►
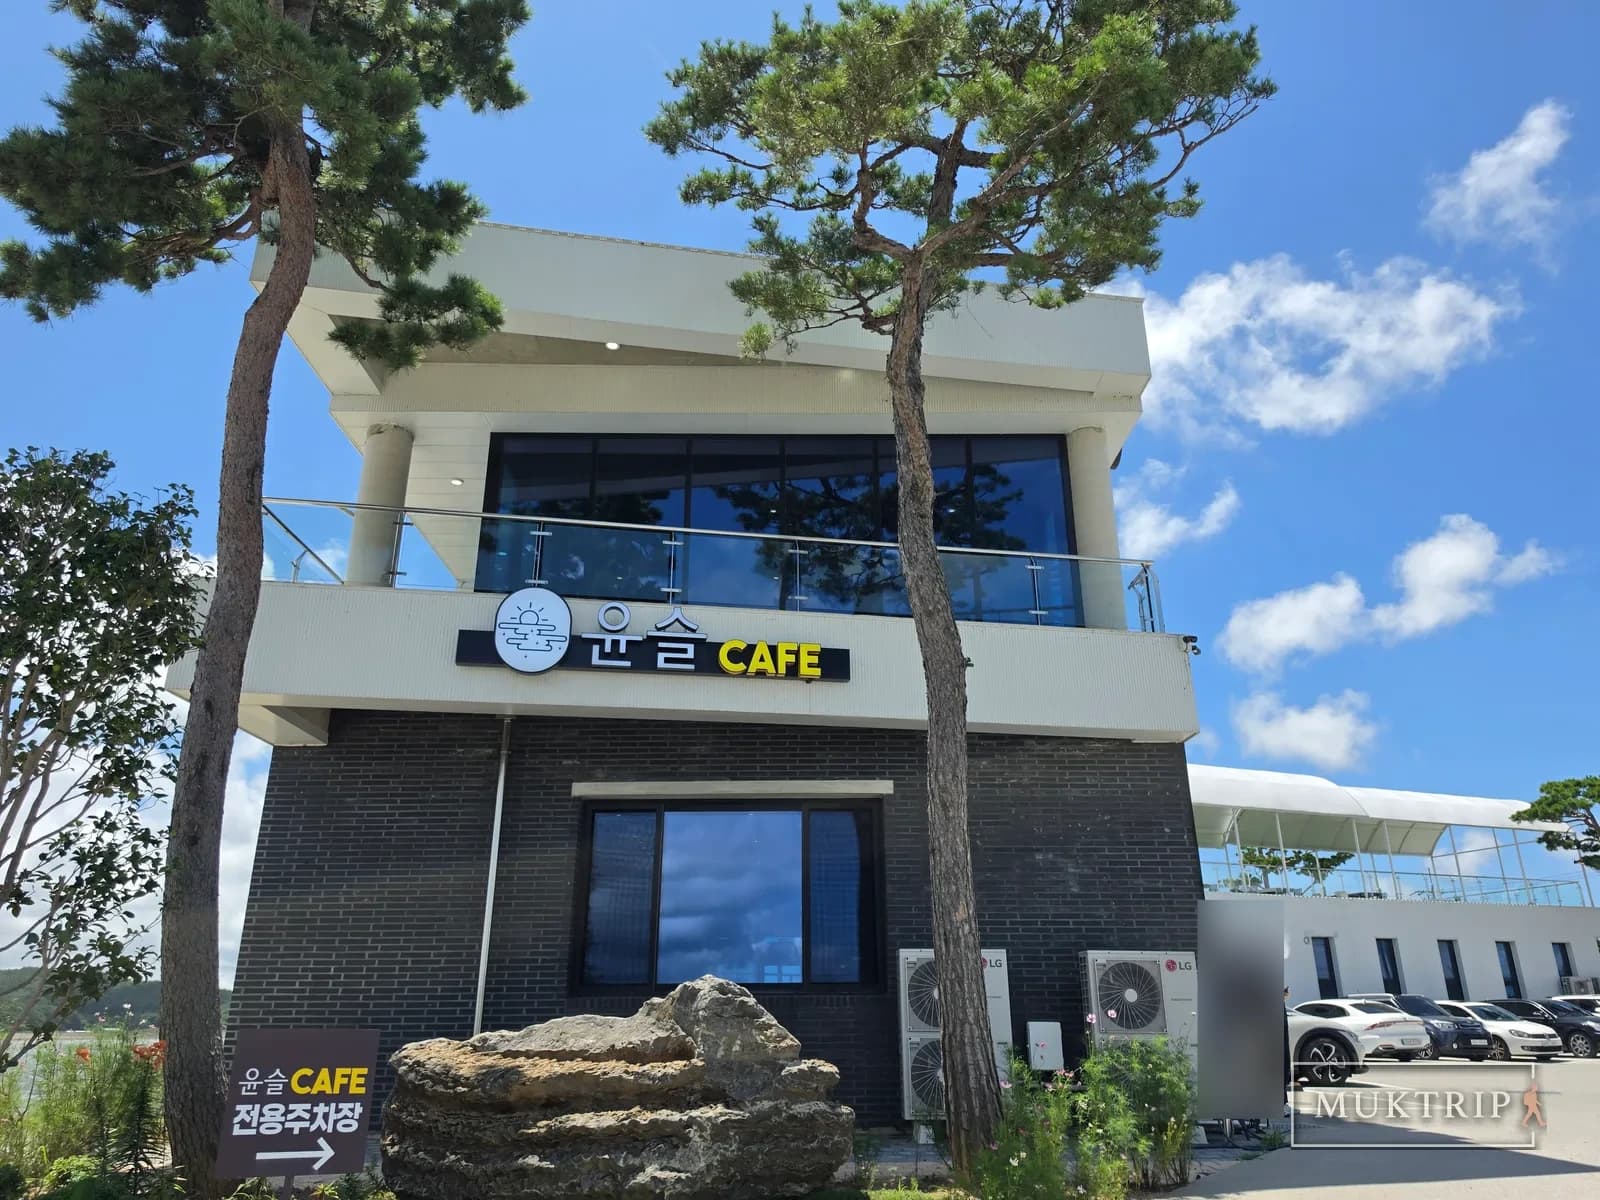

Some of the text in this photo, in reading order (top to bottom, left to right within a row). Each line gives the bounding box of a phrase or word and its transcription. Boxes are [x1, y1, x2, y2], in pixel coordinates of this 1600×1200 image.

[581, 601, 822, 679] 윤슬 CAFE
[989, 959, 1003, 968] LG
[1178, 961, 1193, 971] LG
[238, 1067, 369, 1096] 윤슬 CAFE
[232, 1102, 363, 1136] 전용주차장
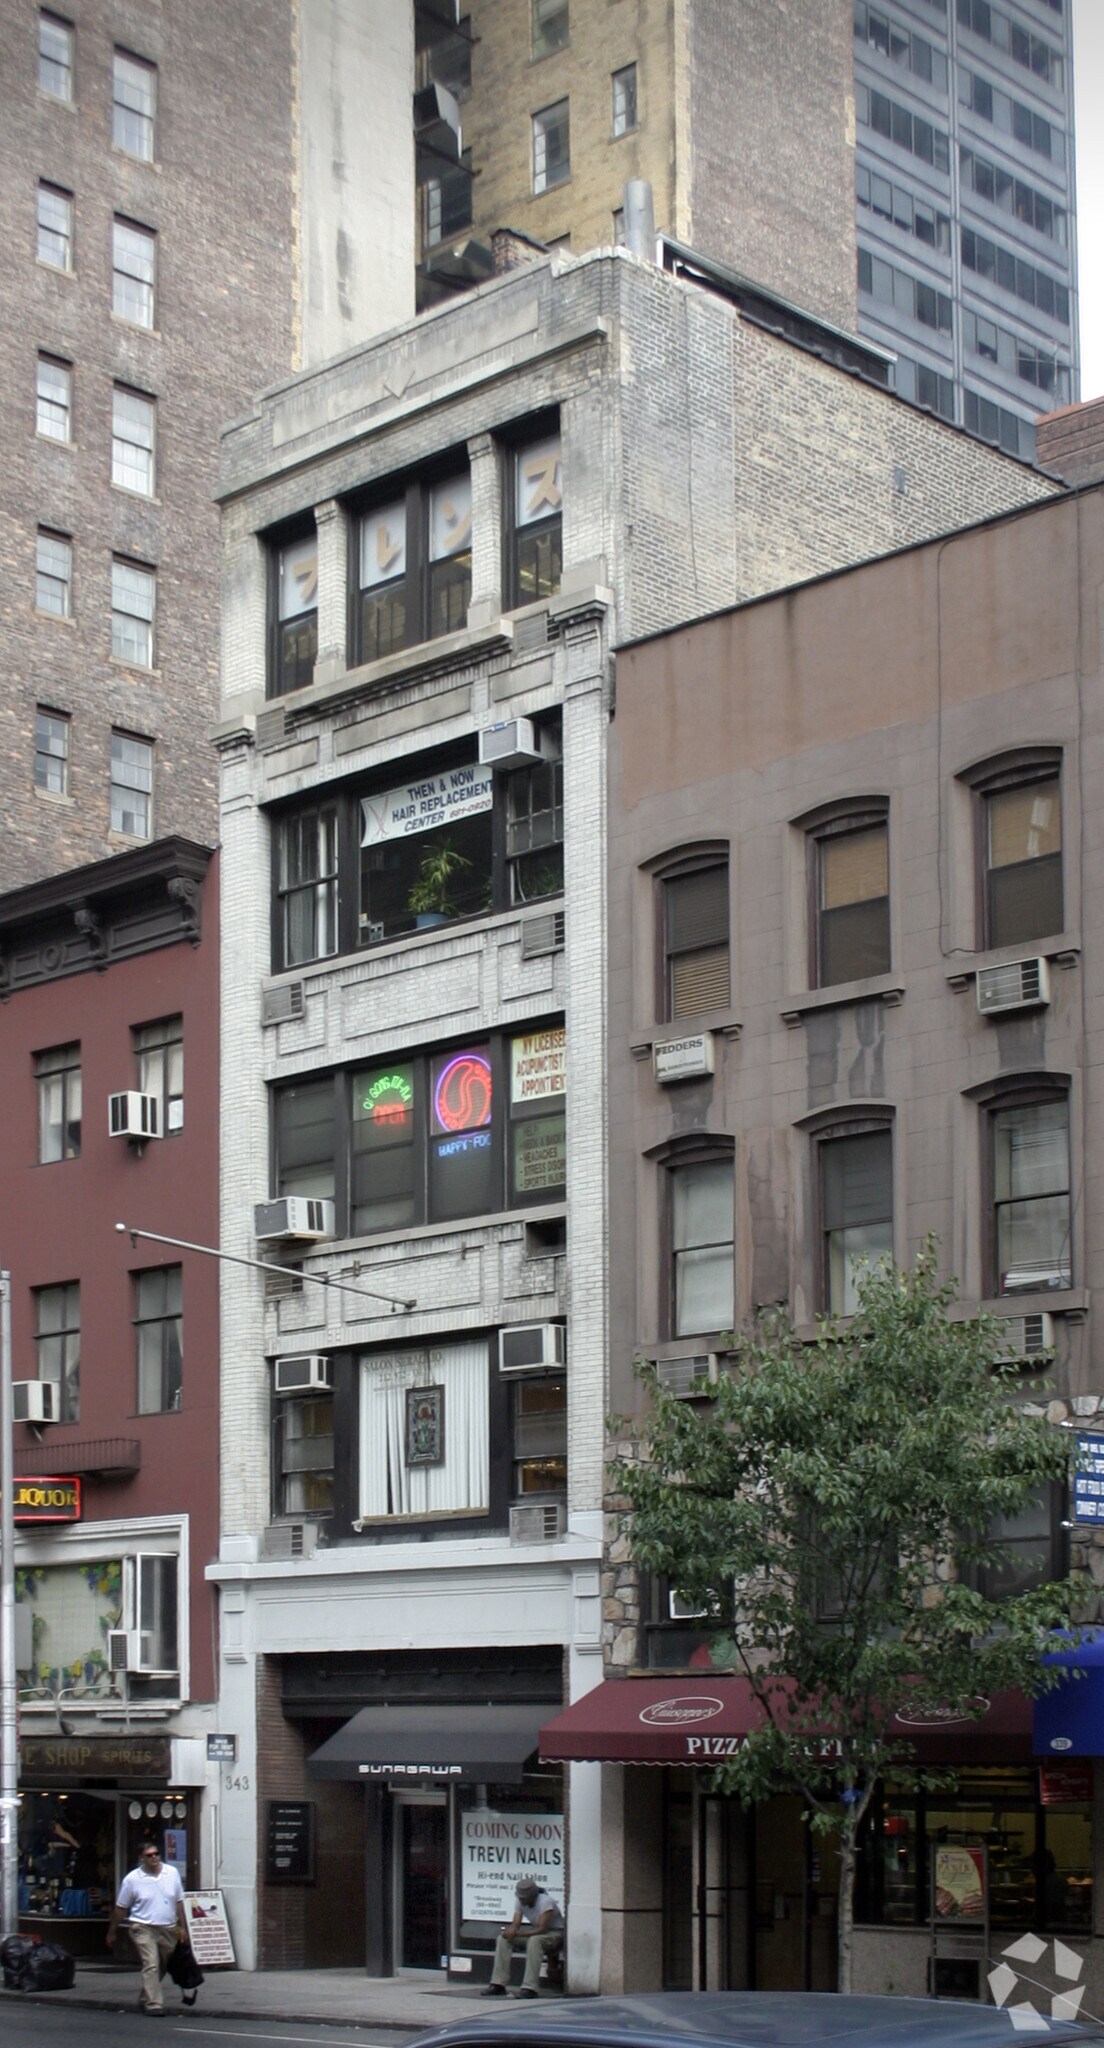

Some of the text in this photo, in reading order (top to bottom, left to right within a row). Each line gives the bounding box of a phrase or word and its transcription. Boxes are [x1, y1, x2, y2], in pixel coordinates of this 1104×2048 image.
◄
Word for word, return the material, omitting the pictures.

*Output below*
Some of the text in this photo, in reading order (top to bottom, left to right within a row). Each line gives the bounding box of a phrase or word and its transcription. Boxes are [x1, y1, x2, y2], in pixel coordinates of this 1600×1200 image.

[581, 601, 822, 679] 윤슬 CAFE
[989, 959, 1003, 968] LG
[1178, 961, 1193, 971] LG
[238, 1067, 369, 1096] 윤슬 CAFE
[232, 1102, 363, 1136] 전용주차장

Some of the text in this photo, in reading order (top to bottom, left to right within a row). Each line gives the bounding box of a phrase or word and its transcription. Boxes are [x1, y1, x2, y2], in pixel coordinates of this 1104×2048 image.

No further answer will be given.